Le village de Mramadoudou tourne au ralenti depuis lundi dans la nuit. De part et d’autre de la route, des barrages ont été dressés par les habitants. A l’intérieur, seuls les piétons sont autorisés. Vers l’ouest, les véhicules sont stationnés les uns derrière les autres, des deux côtés de la chaussée. « On en a marre des vols et du vandalisme sur nos véhicules et nos biens », lance César* un habitant du village, qui souhaite conserver l’anonymat par peur des représailles. Devant des bennes à ordures, du mobilier et autres pneus entassés, il pointe la responsabilité d’un occupant d’un terrain du conseil départemental, qu’il utiliserait illégalement.
« Cet homme a construit des bangas sur ce terrain qui ne lui appartient pas. Il les loue à des personnes mineures comme majeures, sans papier, qui racket les habitants pour lui verser un loyer. Et il s’adonne à des activités de proxénétisme avec des jeunes femmes venues des Comores », assure-t-il. A ses côtés, une autre habitante complète, « l’affaire date de 2018. On demande aux autorités de l’expulser mais rien n’est fait. »
Seule option pour continuer à circuler : faire demi-tour
Ce mercredi, Mohamed*, bidons à la main, se dirige vers la station essence à pied. « C’est la galère », soupire-t-il, sous une chaleur de plomb. Assani*, de son côté, est venu récupérer une pièce auto. « J’ai garé ma moto devant les barricades, on n’a pas le choix », lance-t-il. Seule option pour continuer à circuler : faire demi-tour. Du moins quand c’est possible. Car le sud du territoire ne possède qu’une route pour rejoindre l’est ou l’ouest. Et côté est, des affrontements à Dembéni, ont bloqué à plusieurs reprises la circulation.
Bloqué de 5 h à 16 h 30 sur la route
Damien*, un habitant de Chiconi, s’est retrouvé ainsi bloqué dans le sud mardi soir. « J’ai été obligé de passer la nuit à Bouéni, chez un ami », raconte-t-il. Omar*, habitant Sada, a, quant à lui, patienté de longues heures avant de pouvoir rentrer chez lui. Ce coordinateur administratif dans une association basée à Tsoundzou, n’a pas pu se rendre au travail mardi matin. « Je suis parti à 5 h, la route était bloquée du côté de Tsararano. On m’avait prévenu que le passage était impossible au niveau de Combani, à cause des affrontements, j’ai donc décidé de passer par le sud. » Mais après avoir réussi à traverser le village de Mramadoudou, l’automobiliste s’est retrouvé pris au piège du côté d’Iloni. « C’était une zone de guerre à ce moment-là.
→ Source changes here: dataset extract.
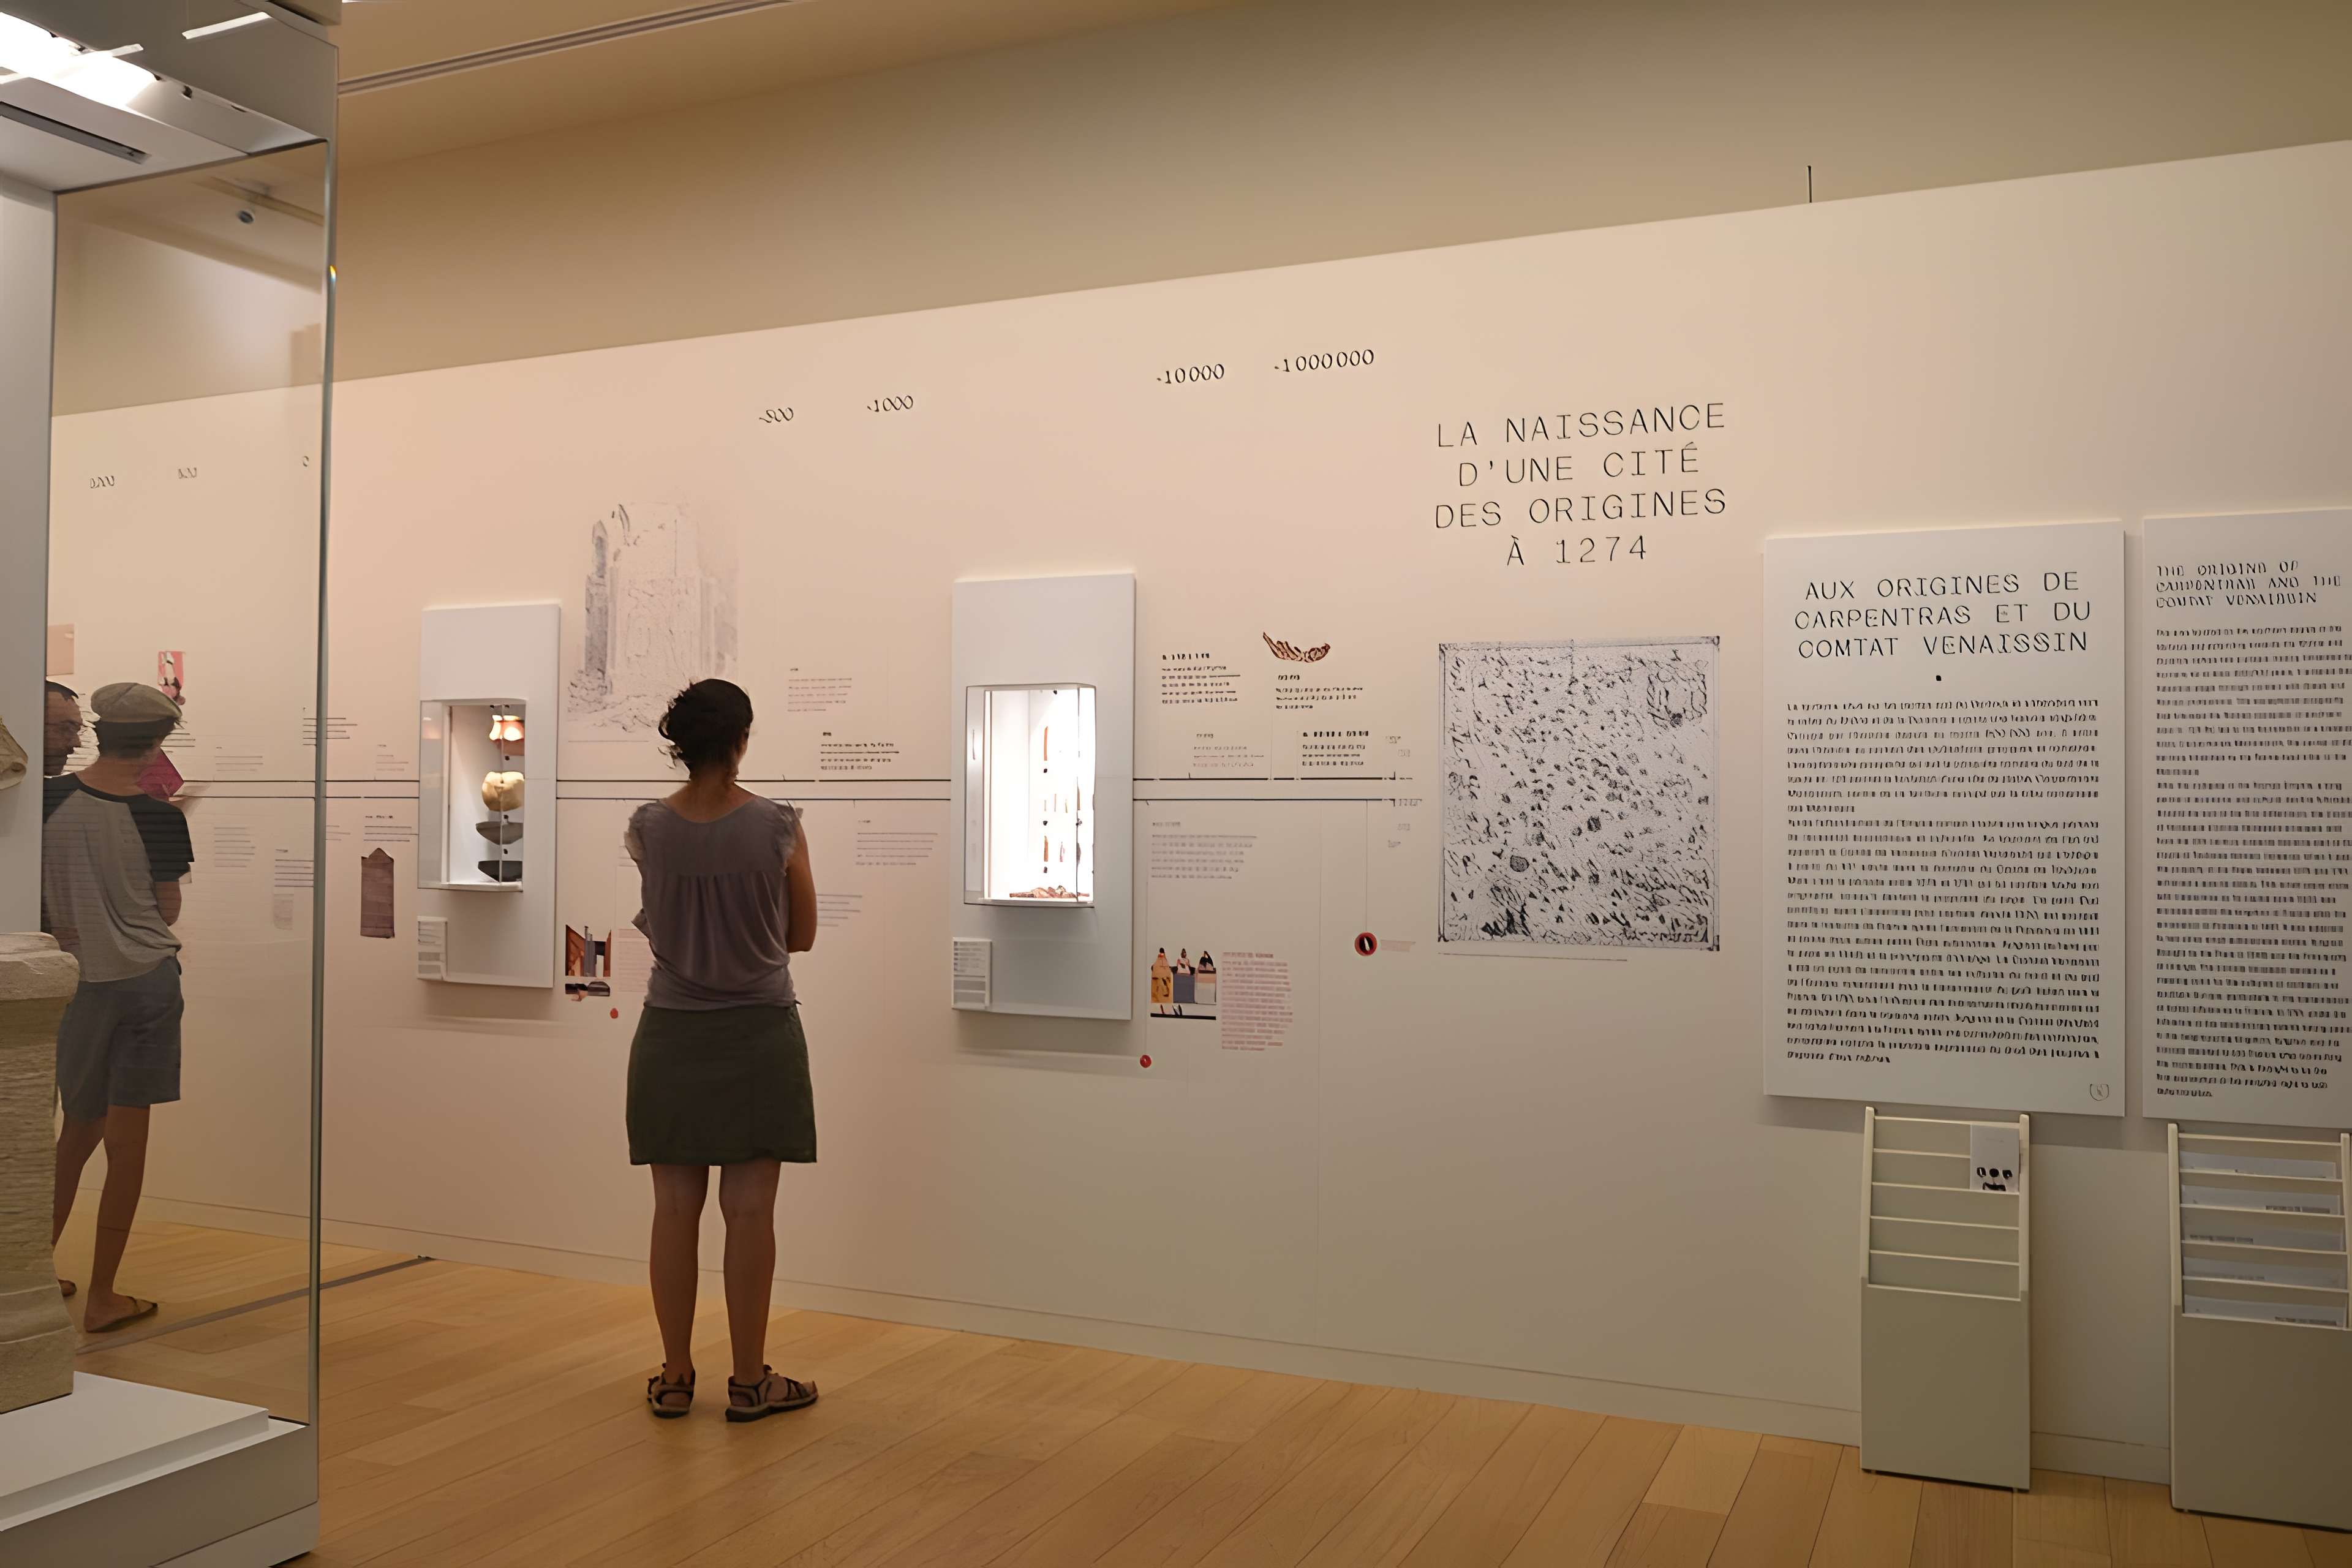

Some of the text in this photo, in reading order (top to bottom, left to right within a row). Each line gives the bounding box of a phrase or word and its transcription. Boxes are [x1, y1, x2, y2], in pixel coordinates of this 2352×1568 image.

Je suis redescendu mais je me suis retrouvé bloqué à Mramadoudou, impossible de faire marche arrière. » L’homme a fait demi-tour « 6 à 7 fois » en espérant que la situation se débloque. Et ce n’est que vers 16 h 30, après avoir négocié avec les gendarmes qui barraient la route du côté de Dembéni, qu’il a tenté de rejoindre l’ouest. « Je suis passé au milieu d’une bande de jeunes armés et cagoulés. Heureusement, ils n’ont pas trop prêté attention à moi et j’ai enfin pu rentrer », raconte-t-il.
A Mramadoudou, alors qu’une cinquantaine d’habitants bloquaient toujours les deux entrées du village en début d’après-midi ce mercredi, César * assurait que l’axe serait bientôt libéré. « Ce n’est pas grâce aux autorités mais nous avons réussi à faire fuir l’homme qui nous cause toutes ces nuisances », précisait-il.